Aminita varna and verosa, the death angels, are very different than aminita muscaria. We have both here and you can only tell them apart from spore prints. One causes such severe muscle reactions that you`ll literally break your back before you die(so I heard from my old botany teacher who worked on id`ing the different amanita`s by lipid concentration). The muscaria here is not the same red and white dotted as in the rockies, it looks exactly like the death angels.
I`ve collected lots of mushrooms in Missouri, working there. Chantrelle, small chantrelle, old man of the woods, hen of the woods, indigo milkies, the fishy tasting milkies(forgot their name) amongst others. Their aren`t as many toxic mushrooms as one would think. Just a couple look alikes you really want to steer clear of. Mushrooms also affect humans differently for each person. A lot of mushrooms are listed as possibly edible because of the difference in reactions between different individuals.


----------



## frogparty (Dec 27, 2007)

Hey ed- do you have paul stamets new book, mycelium running? awesome! lots of bioremediation info using oysters and other mushies to clean up everything from oil to vx nerve gas


----------



## Ed (Sep 19, 2004)

Not yet.. Its on my list, unfortunately I spent a lot of my budget on some amphibian physiology texts. 

Ed


----------



## frogparty (Dec 27, 2007)

Ahhh gotta have priorities. Definitely a must read and own book.

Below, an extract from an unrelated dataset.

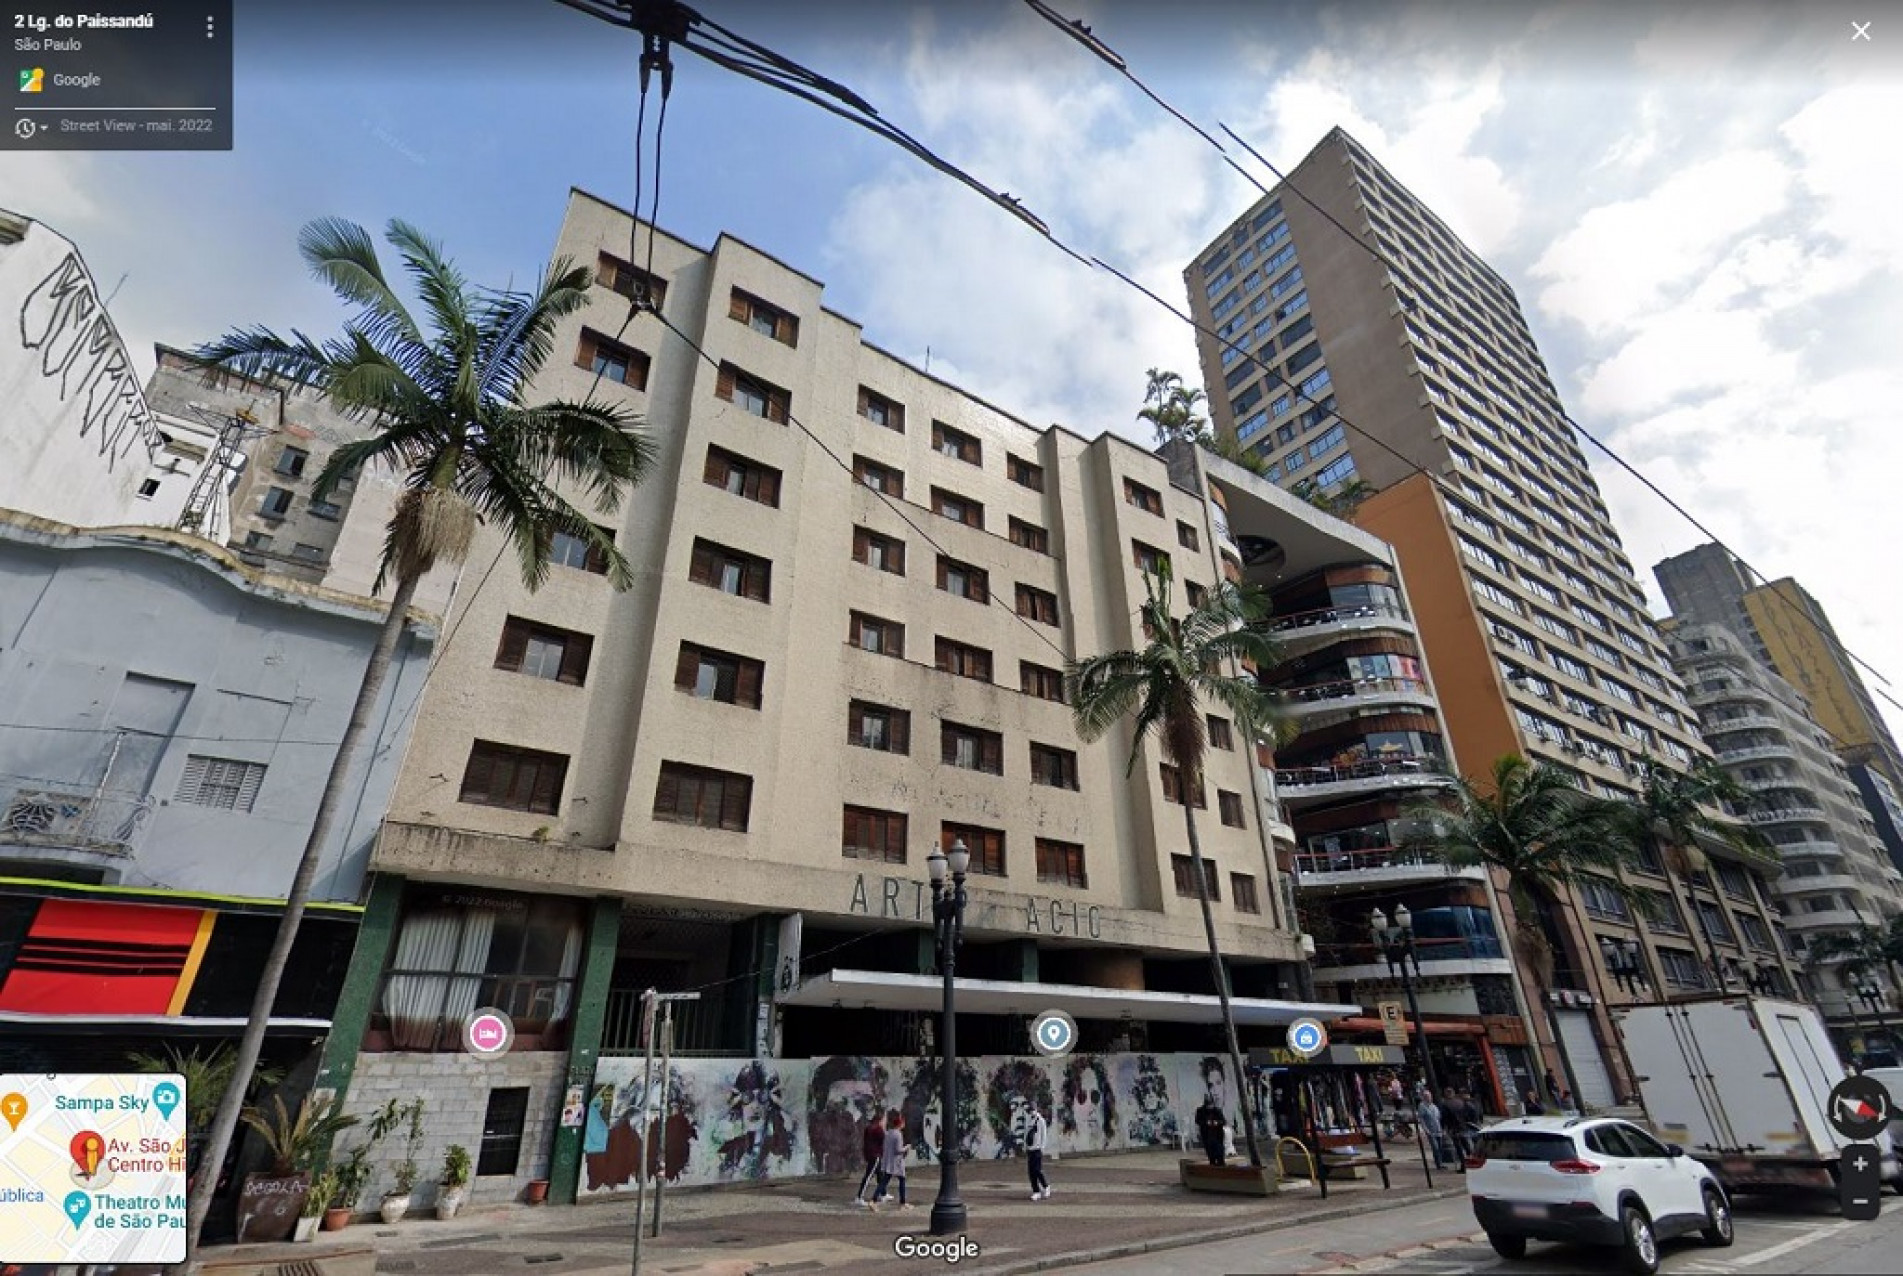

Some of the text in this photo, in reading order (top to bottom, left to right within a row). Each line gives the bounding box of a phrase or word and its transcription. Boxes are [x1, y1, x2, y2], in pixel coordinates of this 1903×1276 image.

[850, 873, 924, 920] ART
[1386, 1006, 1397, 1020] E
[1355, 1046, 1385, 1063] TAXI

Paul Stamets is a genius


----------



## Ed (Sep 19, 2004)

I saw it on the website and thought about it but if I had another book delivered right now my wife would probably beat me... (one of the texts was well over $100 (which was not the most expensive book I've picked up (that was $325 plus shipping for a copy of Caecilians of the World) but was still more than I was supposed to spend). 

Ed


----------



## jubjub47 (Sep 9, 2008)

Ed said:


> (that was $325 plus shipping for a copy of Caecilians of the World)


Whoa! And I was sweating the $165 for Poison Frogs


----------



## Ed (Sep 19, 2004)

I'd have to go back and look but I probably spend at least a grand a year on books and other information. 

Ed


----------